Hippocampal abnormalities may coexist with malformations of cortical development (MCD). This cross-sectional MRI study aimed at categorizing hippocampal abnormalities in a large group of MCD and comparing MCD patients with (group W) and without (group W/O) hippocampal abnormalities. Hippocampal anatomy, rotation, size, internal structure, and MRI signal alterations were assessed visually by 3 independent raters in patients with MCD and epilepsy. Four types of hippocampal abnormalities were examined in 220 patients (116 women, mean age 31 +/- 16.6, range 2-76 years): partially infolded/hypoplastic hippocampus (HH), hippocampal sclerosis (HS), malrotated hippocampus (MH), and enlarged hippocampus (EH).

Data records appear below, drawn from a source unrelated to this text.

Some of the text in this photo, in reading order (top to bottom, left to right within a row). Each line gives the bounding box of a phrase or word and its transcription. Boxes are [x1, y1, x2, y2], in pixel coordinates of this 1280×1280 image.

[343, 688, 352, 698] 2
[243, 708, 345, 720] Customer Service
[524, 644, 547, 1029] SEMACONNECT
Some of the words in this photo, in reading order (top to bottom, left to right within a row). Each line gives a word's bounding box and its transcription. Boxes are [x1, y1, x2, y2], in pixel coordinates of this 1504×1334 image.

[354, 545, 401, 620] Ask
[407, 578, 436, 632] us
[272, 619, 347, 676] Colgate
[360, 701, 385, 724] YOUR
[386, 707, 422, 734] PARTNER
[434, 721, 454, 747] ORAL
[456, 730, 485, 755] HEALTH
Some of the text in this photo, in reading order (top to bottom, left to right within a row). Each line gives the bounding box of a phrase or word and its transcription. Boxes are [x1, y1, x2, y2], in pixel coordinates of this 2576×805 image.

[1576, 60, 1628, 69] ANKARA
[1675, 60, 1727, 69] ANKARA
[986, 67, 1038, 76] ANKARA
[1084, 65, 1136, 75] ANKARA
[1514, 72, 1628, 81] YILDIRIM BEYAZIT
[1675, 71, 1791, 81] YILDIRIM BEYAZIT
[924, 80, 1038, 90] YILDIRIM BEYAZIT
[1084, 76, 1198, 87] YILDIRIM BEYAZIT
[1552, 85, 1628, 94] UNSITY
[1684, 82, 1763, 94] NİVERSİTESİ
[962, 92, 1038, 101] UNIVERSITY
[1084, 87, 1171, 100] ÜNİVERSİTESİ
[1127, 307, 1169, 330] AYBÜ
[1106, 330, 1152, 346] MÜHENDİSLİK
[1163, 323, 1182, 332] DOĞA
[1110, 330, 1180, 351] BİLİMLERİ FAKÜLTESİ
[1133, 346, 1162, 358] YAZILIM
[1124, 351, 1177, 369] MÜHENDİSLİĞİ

The commonest MCD in the cohort were focal cortical dysplasia (27%), polymicrogyria (PMG) (21%), developmental tumors (15%), and periventricular nodular heterotopia (PNH) (14%). Hippocampal abnormalities were seen in 69/220 (31%) patients: HH in 34/69 (49%); HS in 18/69 (26%); MH in 15/69 (22%); and EH in 2/69 (3%). PNH (21/30 [70%]) and PMG (22/47 [47%]) were most commonly associated with hippocampal abnormalities. Compared to the W/O group, patients in the W group had a higher rate of learning disability (W 41/69 [59%] vs W/O 56/151 [37%]; p = 0.003) and delayed developmental milestones (W 36/69 [52%] vs W/O 53/151 [35%]; p = 0.025); groups did not differ otherwise with regard to clinical presentation. HH was associated with symptomatic generalized epilepsies (11/34 [32%]) and high rate of learning disability (27/34 [79%]), neurologic deficits (25/34 [73%]), and delayed developmental milestones (23/34 [68%]). About a third of patients with malformations of cortical development had hippocampal abnormalities. Patients with hypoplastic hippocampus had the most severe clinical phenotype.